Dopo un breve tratto in salita, raggiungiamo il filo del dosso. La pendenza si fa assai più modesta, ed inizia l’ultimo riposante tratto della salita, che apre squarci panoramici sempre più ampi e suggestivi. Non possiamo sbagliare: lasciata sulla sinistra l’arrotondata cima secondaria del monte della Colma (m. 2144), puntiamo facilmente alla nostra meta, riconoscibile anche per la centralina di rilevamento dell’inquinamento atmosferico che, insieme con una modesta croce, la presidia. Alla fine, superato un modesto avvallamento, raggiungiamo i 2154 metri della cima erbosa del monte Padrio, dopo circa un’ora ed un quarto di cammino, necessaria per superare 454 metri di dislivello.
Se la giornata è limpida, abbiamo di che lustrarci gli occhi. Guardando verso sud-ovest, possiamo godere di un ottimo scorcio sulla catena orobica, che propone, in primo piano, i monti Palabione (m. 2358) e Pasò (m. 2575), sopra l’Aprica, un po’ più lontani il monte Torena (m. 2911) ed il pizzo del Diavolo (m. 2926) e, in fondo, a chiudere la catena, il monte Legnone (m. 2610). Se la giornata è davvero limpida, guardando verso ovest potremo scorgere il caratteristico profilo affilato del Cervino ed il gruppo del Gran Paradiso.
Spostiamoci, ora, con lo sguardo verso destra, cioè da ovest, gradualmente, a nord ovest, incontrando le cime del versante retico della media Valtellina. La prima cima che incontriamo è quella della cima del Desenigo (m. 2845), seguita dall’inconfondibile coppia dei Corni Bruciati (m. 3114 e 3097) e dalla modesta ma pronunciata punta del pizzo Bello (m. 2748). Nel gruppo di cime seguente emerge la vetta di Rhon (m. 3136), alla cui destra sfilano le cime del fianco occidentale della Val Fontana, fra cui spicca il pizzo Scalino (m. 3323).
Ancora più a destra, riconosciamo un suggestivo spaccato del gruppo del Bernina. La prima cima, sulla sinistra, ha l’inconfondibile profilo di un elegante pennacchio, ed è il pizzo Roseg (da “rösa” o “rosa”, massa di ghiaccio, m. 3937). Alla sua destra cerchiamo invano i pizzi Scerscen e Bernina: sono nascosti dalla coppia dei pizzi Argient (m. 3945) e Zupò (m. 3995). Quest’ultimo si prende, da qui, una modesta rivincita sul vicino colosso del pizzo Bernina (m. 4049): per soli 5 metri, infatti, non può godere della palma del più orientale dei quattromila della catena alpina. Più isolati, chiudono il gruppo del Bernina, a destra, i pizzi Palù (m. 3905) e Varuna (m. 3453).
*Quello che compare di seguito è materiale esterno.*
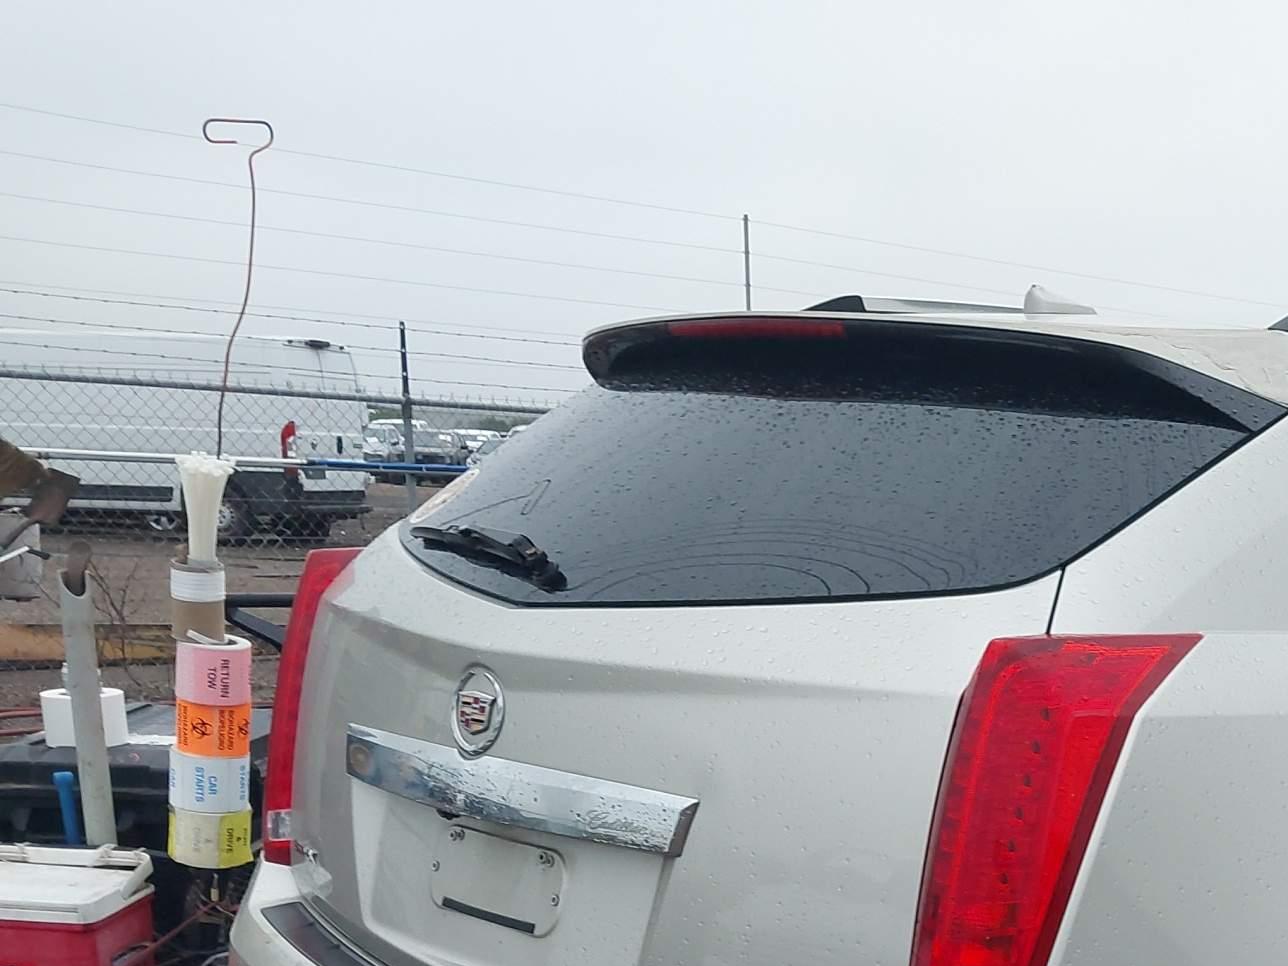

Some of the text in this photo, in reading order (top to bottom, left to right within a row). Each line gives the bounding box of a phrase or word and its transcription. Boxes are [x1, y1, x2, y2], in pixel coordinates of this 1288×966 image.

[208, 667, 217, 689] TOW
[220, 659, 230, 698] RETURN
[194, 767, 205, 803] STARTS
[208, 776, 217, 795] CAR
[225, 828, 234, 854] DRIVE
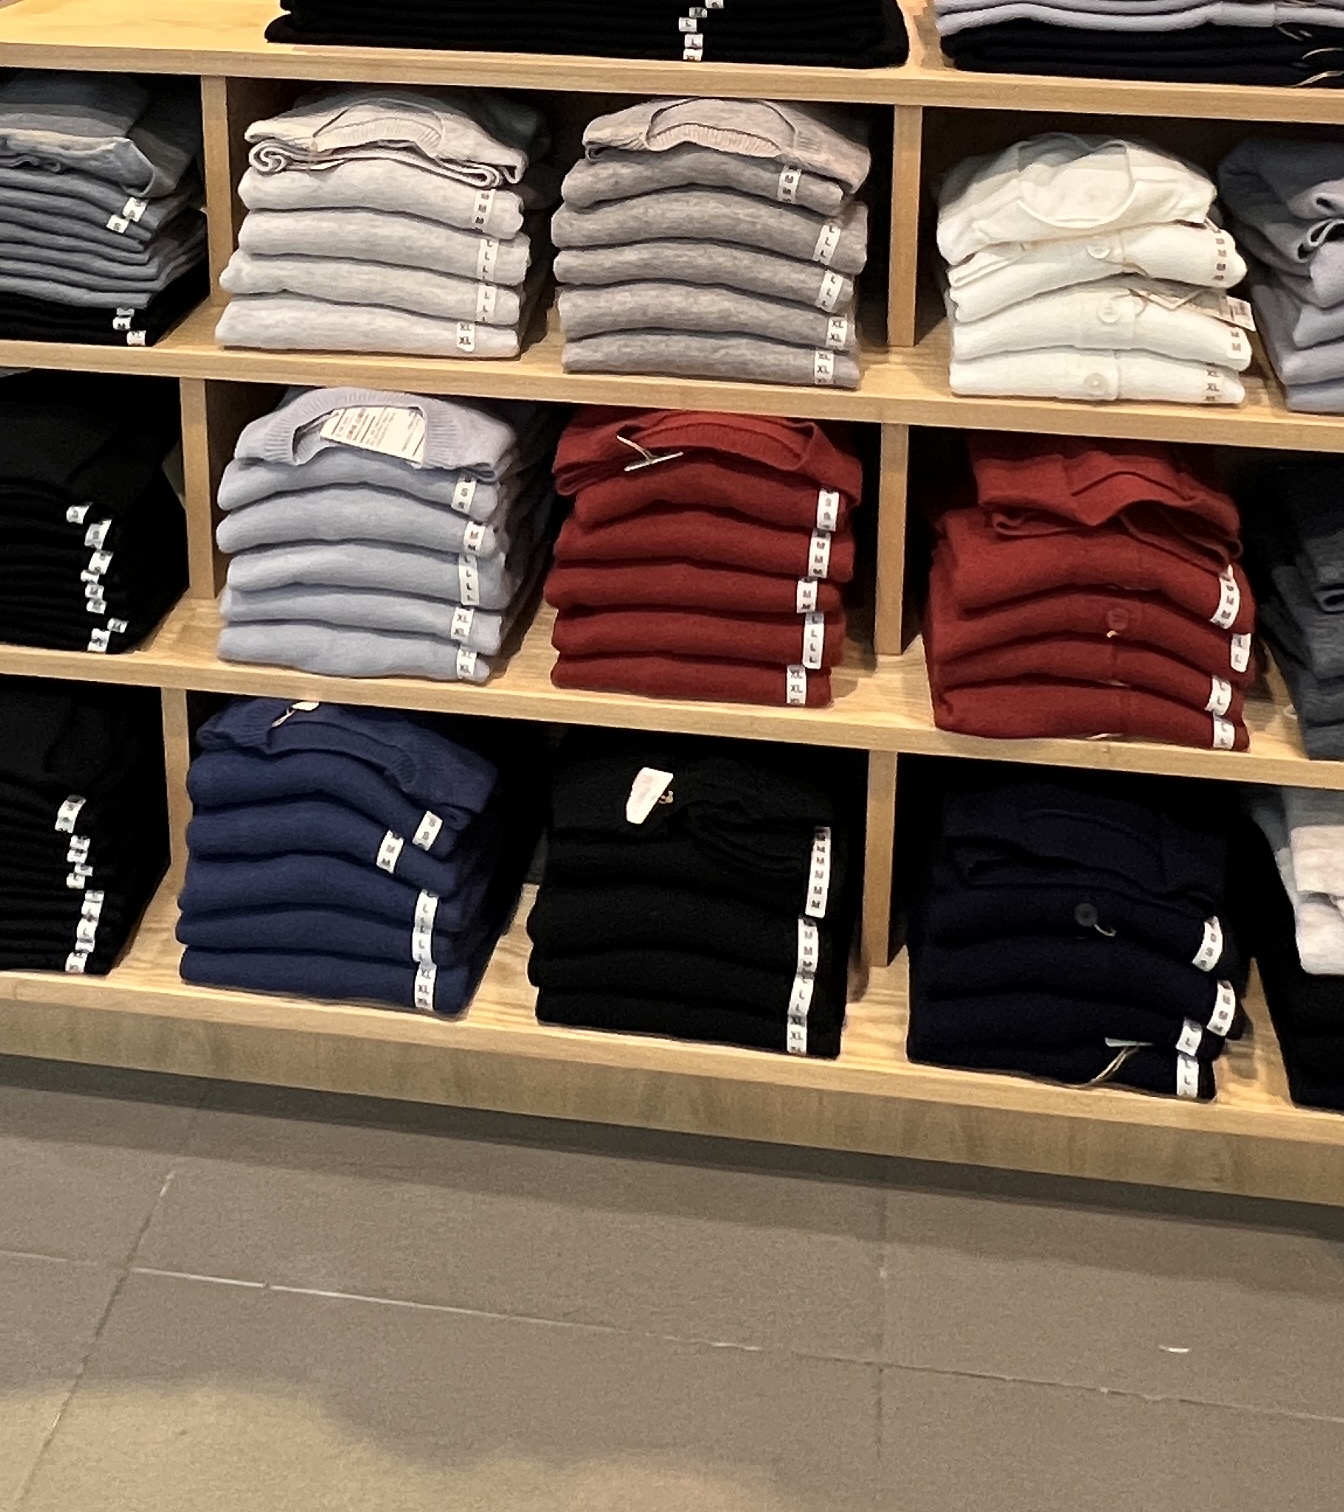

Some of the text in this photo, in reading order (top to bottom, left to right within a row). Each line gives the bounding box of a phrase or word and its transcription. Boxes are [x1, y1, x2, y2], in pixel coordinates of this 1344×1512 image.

[817, 365, 830, 374] XL
[1206, 383, 1220, 392] XL
[456, 614, 469, 624] XL
[790, 684, 804, 693] XL
[790, 1032, 804, 1040] XL
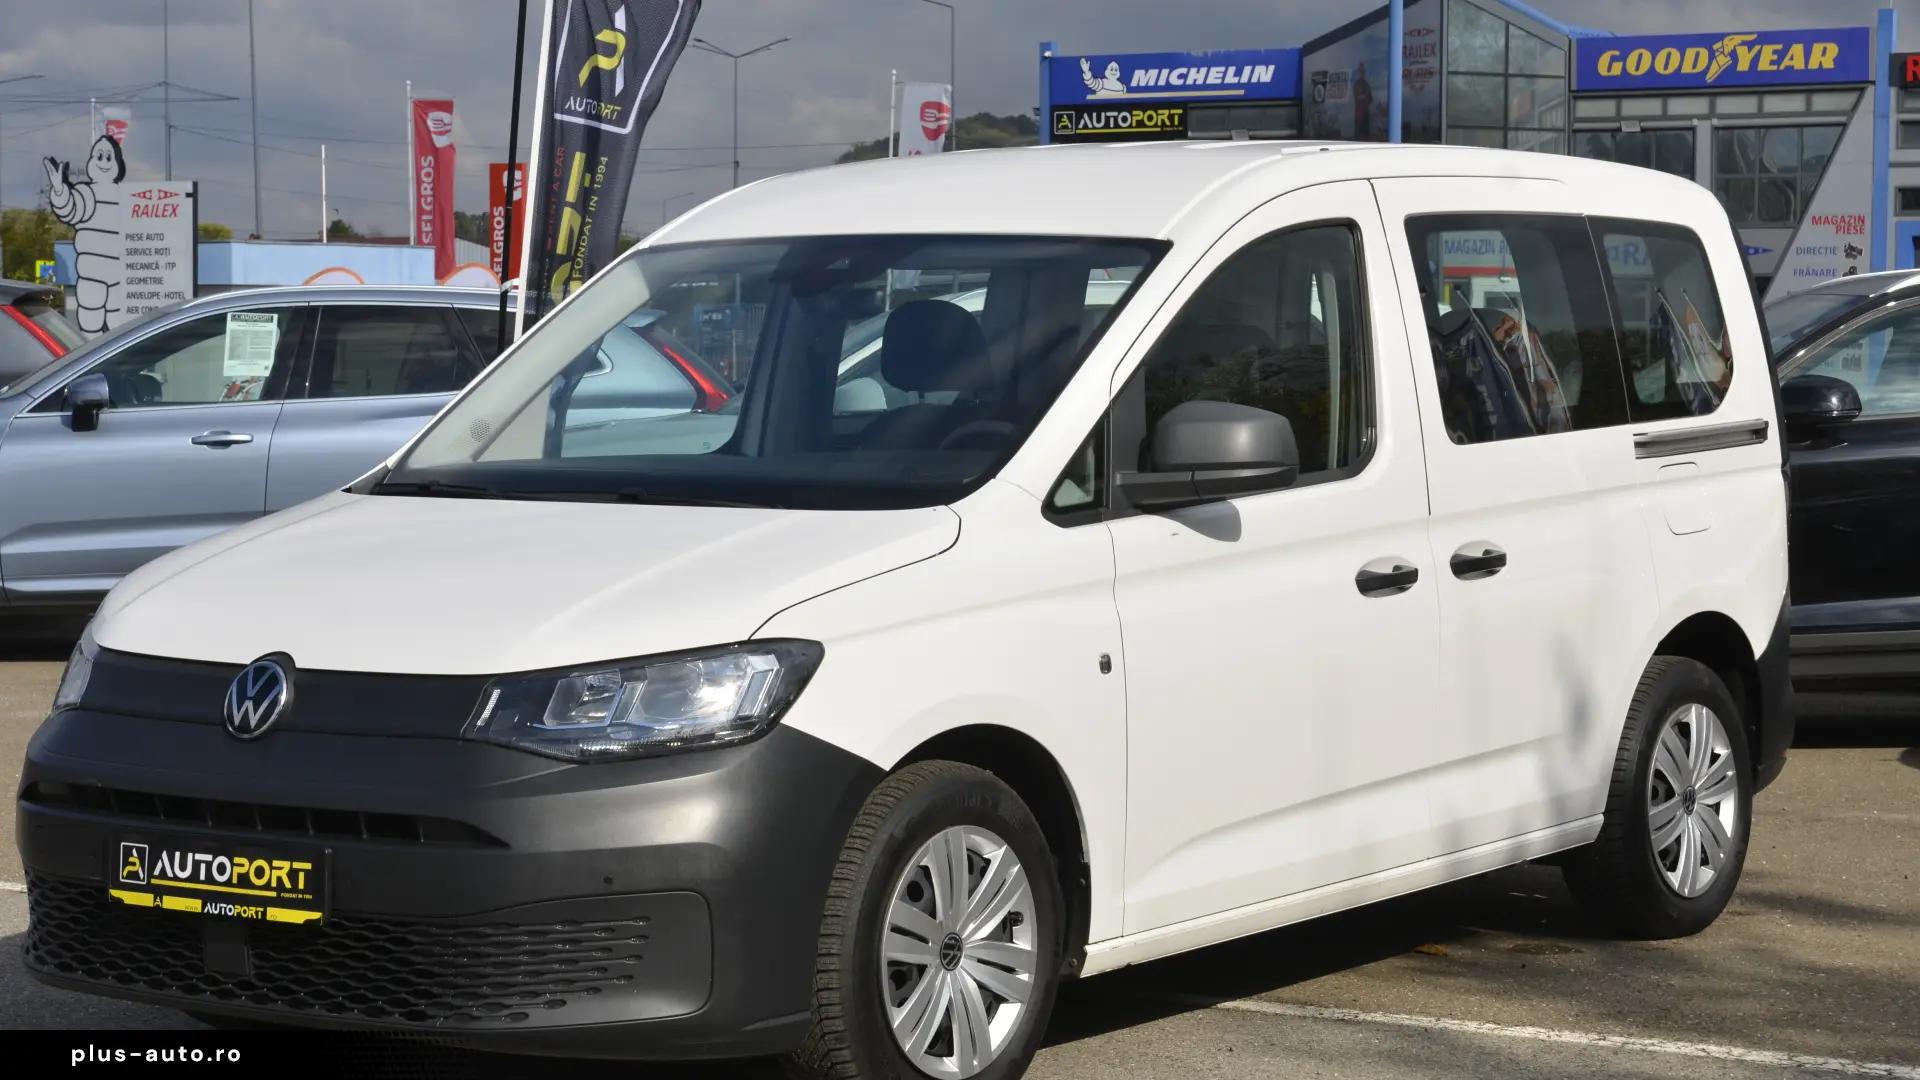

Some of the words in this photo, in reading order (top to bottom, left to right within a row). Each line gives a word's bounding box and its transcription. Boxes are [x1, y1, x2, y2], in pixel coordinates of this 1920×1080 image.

[1130, 65, 1275, 87] MICHELIN
[1078, 109, 1183, 128] AUTOPORT
[554, 146, 566, 179] CAR
[593, 156, 609, 190] 1994
[553, 182, 560, 192] A
[421, 155, 435, 244] SELGROS
[588, 196, 599, 211] IN
[131, 203, 180, 218] RAILEX
[1811, 215, 1865, 226] MAGAZIN
[125, 233, 144, 241] PIESE
[145, 233, 165, 241] AUTO
[1835, 225, 1865, 235] PIESE
[125, 248, 153, 256] SERVICE
[572, 215, 593, 278] FONDAT
[1444, 239, 1495, 254] MAGAZIN
[165, 262, 176, 271] ITP
[126, 277, 164, 285] GEOMETRIE
[126, 292, 160, 300] ANVELOPE
[164, 292, 186, 300] HOTEL
[126, 306, 139, 315] AER
[153, 850, 312, 890] AUTOPORT
[203, 902, 264, 919] AUTOPORT
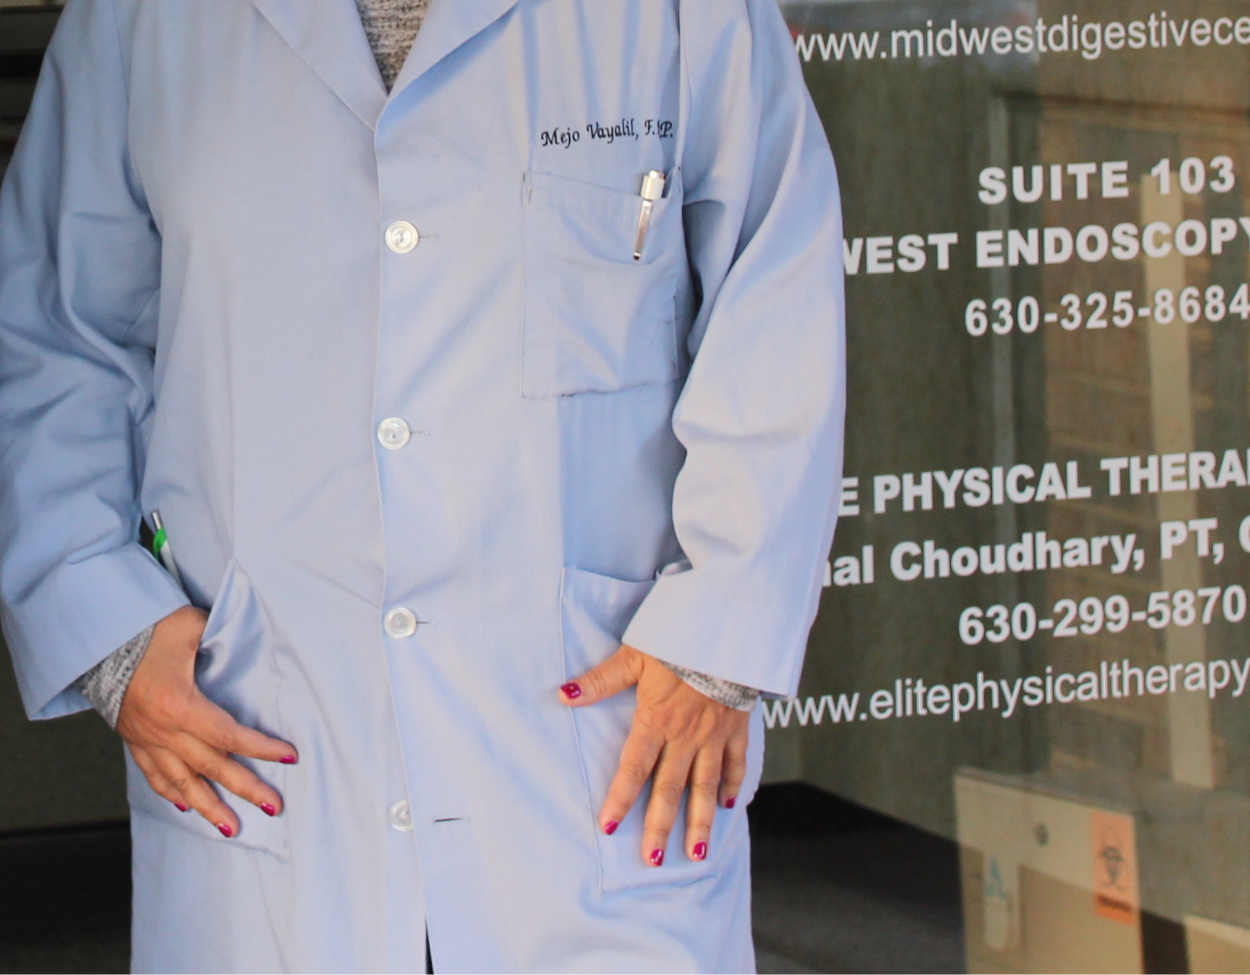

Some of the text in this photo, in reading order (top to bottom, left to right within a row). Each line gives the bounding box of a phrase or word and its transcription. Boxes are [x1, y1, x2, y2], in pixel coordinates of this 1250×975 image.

Guardiamo, ora, a nord, a destra del solco della Val Poschiavina: si impone il monte Masuccio, che sovrasta Tirano (m. 2816), alla cui destra si apre il solco della val Saiento. Verso nord-est si distinguono alcune delle cime della Val Grosina, sovrastate dalla cima de’ Piazzi (3439). Alla sua sinistra, è ben visibile la depressione del passo di Verva, che congiunge la Val Grosina con la val Verva. Guardiamo ad est, infine: superba è la visuale sul gruppo dell’Adamello.

Ma vediamo come viene descritta la salita alla cima ed il panorama che da essa si apre nella "Guida alla Valtellina" del CAI di Sondrio, edita nel 1884:
"
Il monte che si eleva al sud di Tirano chiamasi Trivigno, e la sua sommità, che ha forma di cono, è conosciuta sotto il nome di Colmo di Trivigno. In alcune carte questa vetta si chiama Monte Padrio , ma tale denominazione è ignota alla maggior parte degli abitanti dei paesi circonvicini. La via che vi conduce da Tirano percorre vigneti, poi selve di castagni, poi boschi resinosi che non hanno più di trent' anni di vita, da­tando dall'epoca in cui furono venduti ai privati que' vasti spazi che prima erano comunali. Il bosco arriva fino a un alto piano dove si trova la chiesa di S. Gaetano in mezzo a pascoli e prati. Di là si giunge al Colmo in un'ora. La vetta ha questa singolarità, che in luogo di terminare in un rialzo, presenta una concavità non vasta, né profonda, ma regolare tanto, che direbbesi la bocca o il cratere di un vulcano spento, se la natura della roccia schistosa non accennasse ad altra formazione. Quasi come dal Corno Stella puossi dal Colmo di Trivigno ammirare il creato in tutta la sua moltiforme e affascinante maestà. Al nord lo sguardo piomba sulla Valle di Poschiavo, sul lago tranquillo e sullo Stabilimento dei Bagni che vedesi distintamente; e poi s' eleva alle vette che circondano quella valle, fra cui le gigantesche diramazioni del Bernina. La Valtellina tutta, ad eccezione del bacino di Bormio, si comprende collo sguardo, che si spinge tino alle montagne del lago di Como e al disopra di esse al Monte Rosa e al Monte Bianco.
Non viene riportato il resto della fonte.